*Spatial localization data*
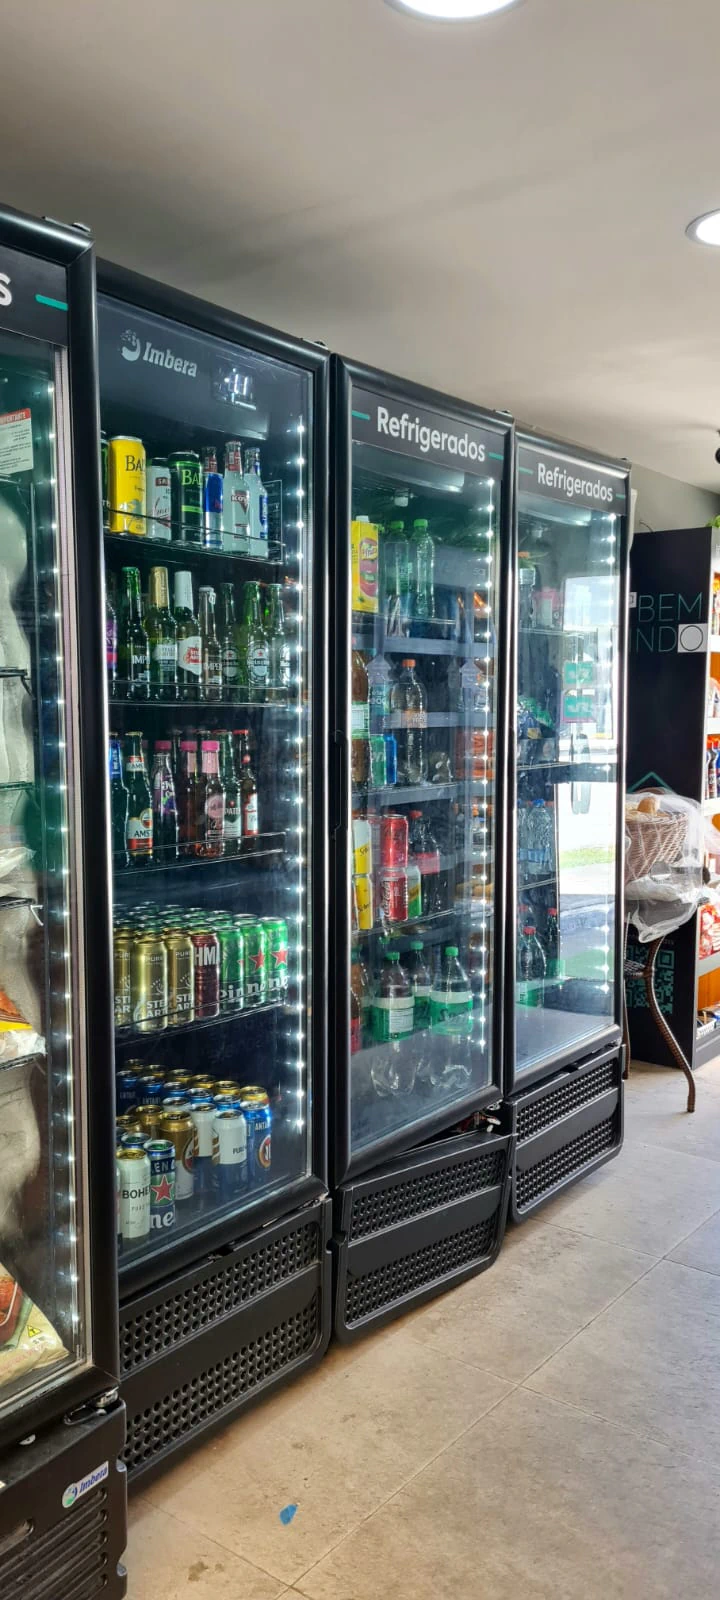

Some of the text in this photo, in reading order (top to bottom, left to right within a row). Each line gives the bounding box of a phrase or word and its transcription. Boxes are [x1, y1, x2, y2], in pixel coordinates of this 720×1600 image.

[143, 342, 198, 378] Imbera
[376, 406, 486, 463] Refrigerados
[537, 463, 614, 502] Refrigerados
[638, 591, 703, 622] BEM
[79, 1467, 108, 1493] Imbera
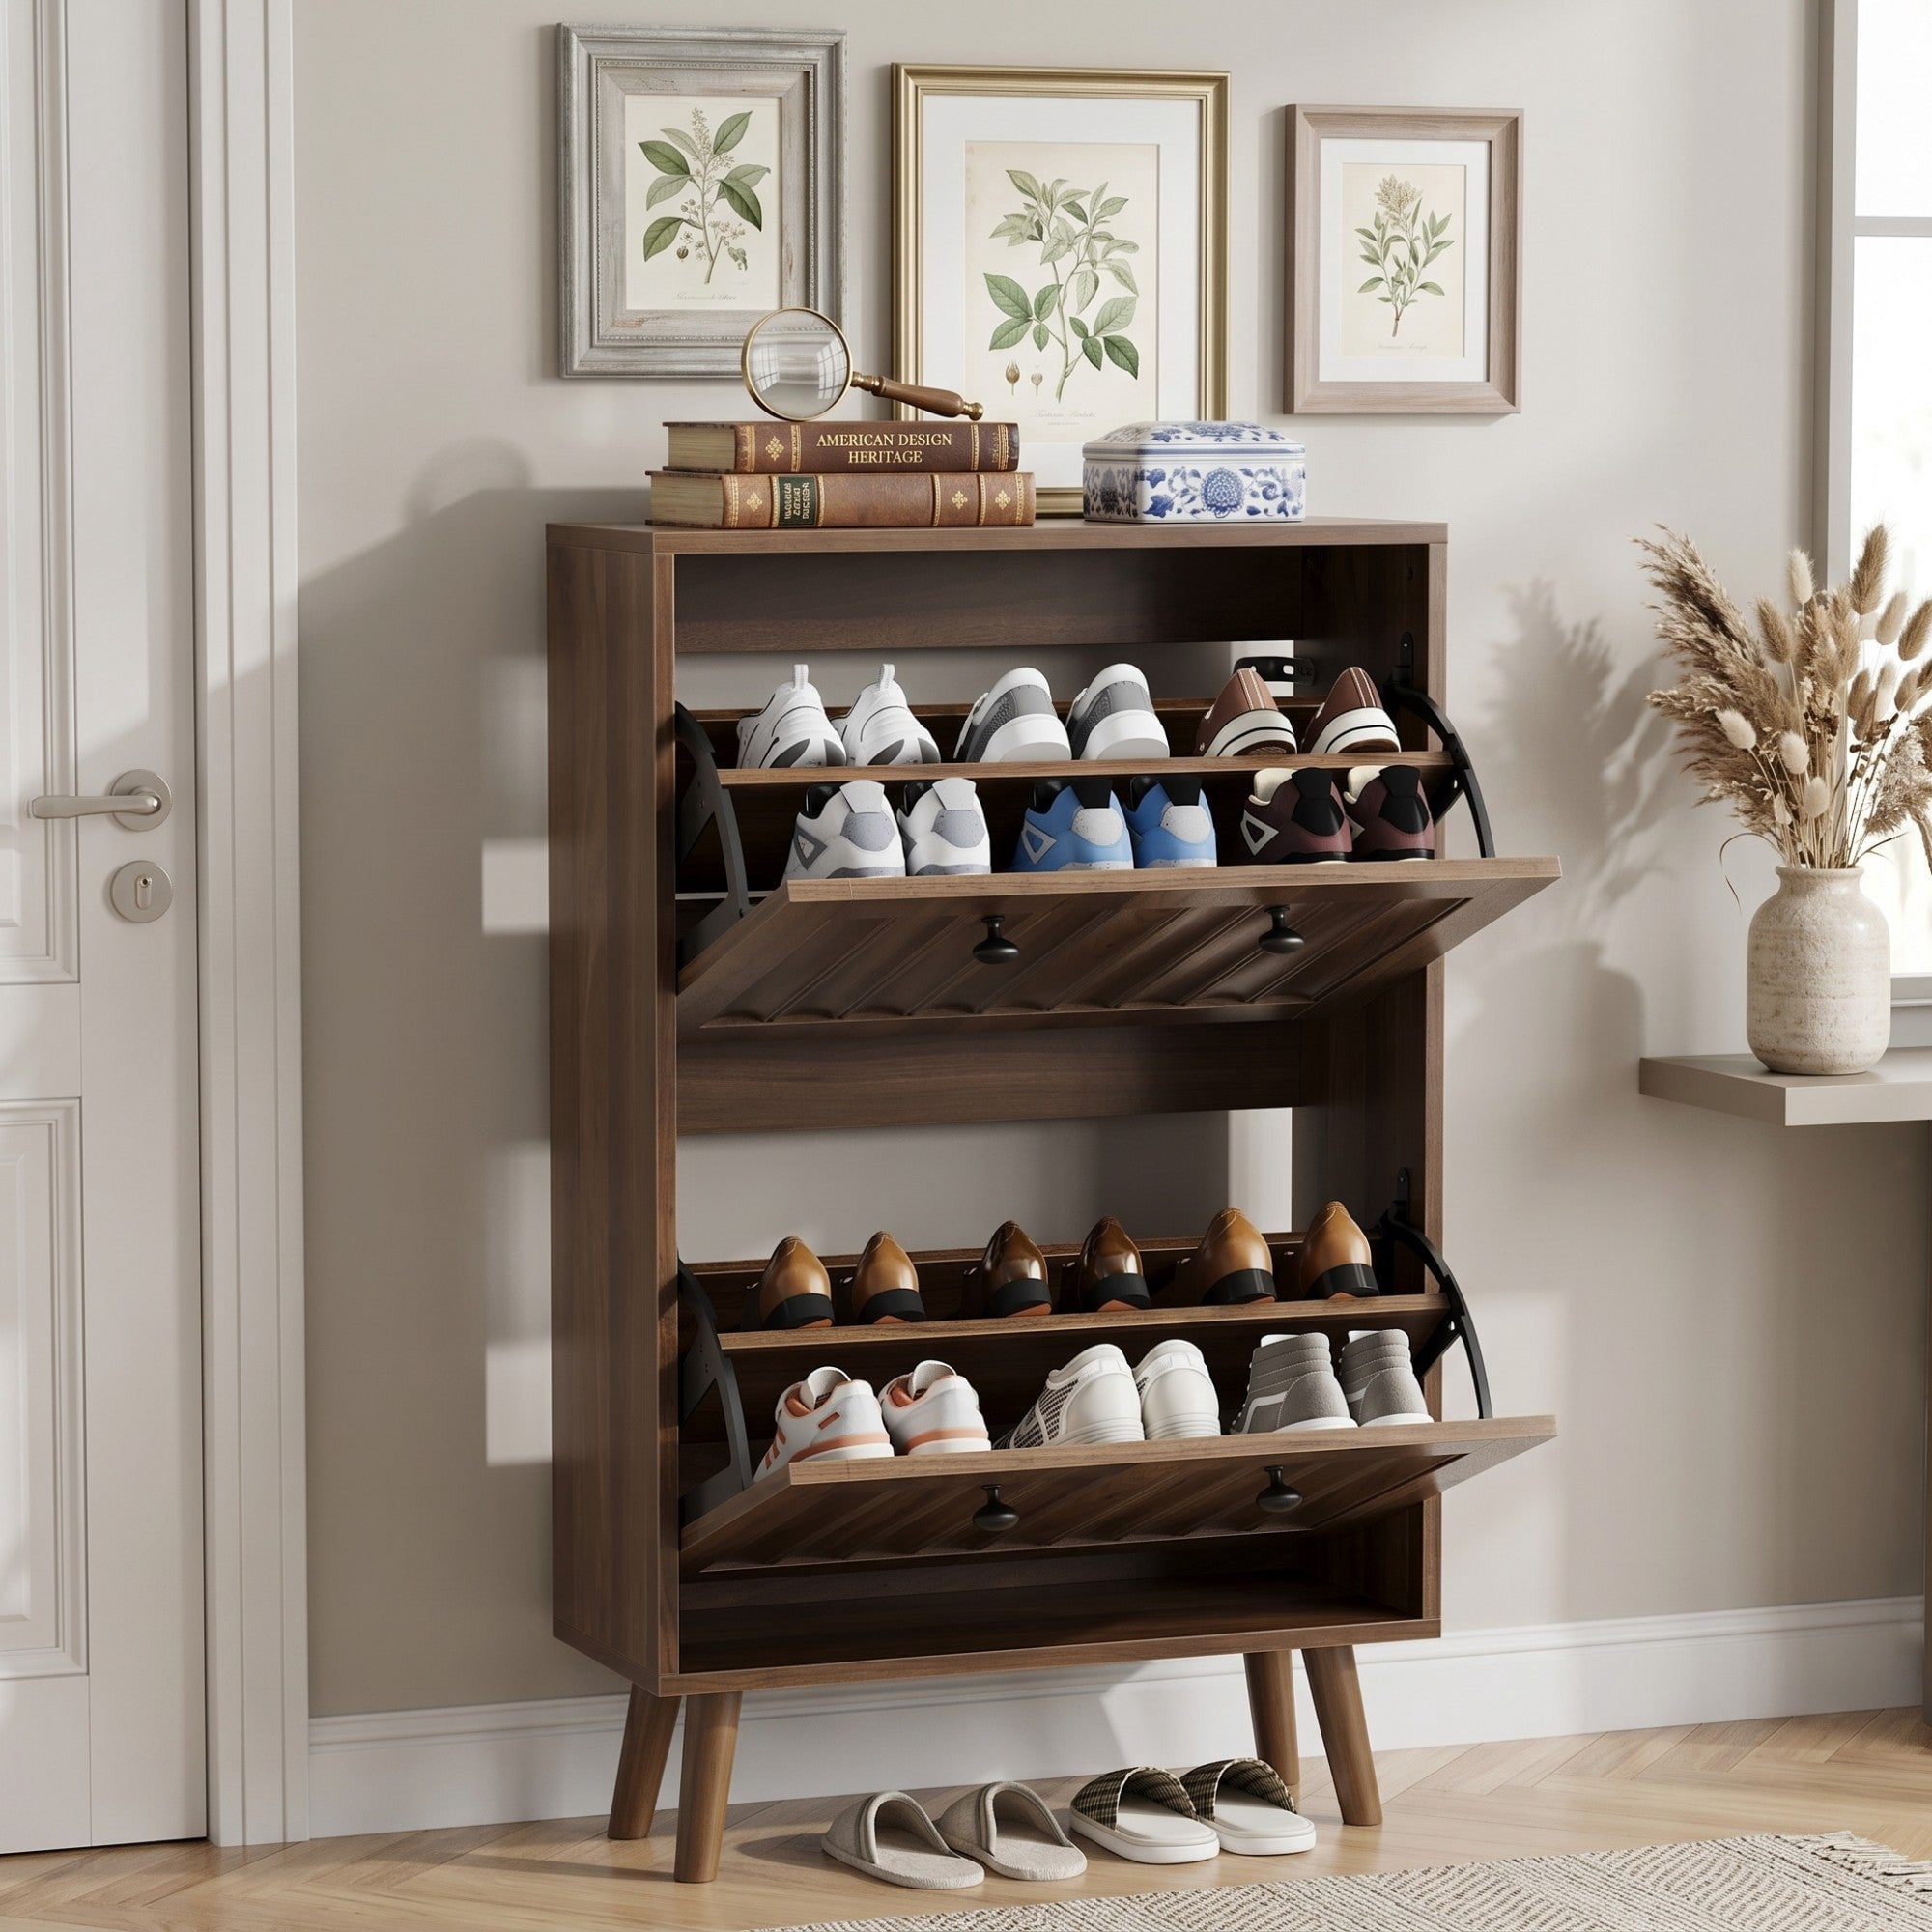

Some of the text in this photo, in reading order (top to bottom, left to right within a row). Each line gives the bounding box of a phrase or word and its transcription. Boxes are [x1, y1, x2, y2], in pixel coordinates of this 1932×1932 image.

[816, 433, 952, 447] AMERICAN DESIGN
[848, 450, 923, 464] HERITAGE

*Task instructions*
Retype the data above as given, letting no picture into the copy.

*Task output*
Some of the text in this photo, in reading order (top to bottom, left to right within a row). Each line gives the bounding box of a phrase or word and its transcription. Boxes are [x1, y1, x2, y2], in pixel coordinates of this 720×1600 image.

[143, 342, 198, 378] Imbera
[376, 406, 486, 463] Refrigerados
[537, 463, 614, 502] Refrigerados
[638, 591, 703, 622] BEM
[79, 1467, 108, 1493] Imbera

Some of the text in this photo, in reading order (top to bottom, left to right within a row). Each line gives the bounding box of a phrase or word and its transcription. Boxes are [x1, y1, x2, y2], in pixel coordinates of this 1932×1932 image.

[816, 433, 952, 447] AMERICAN DESIGN
[848, 450, 923, 464] HERITAGE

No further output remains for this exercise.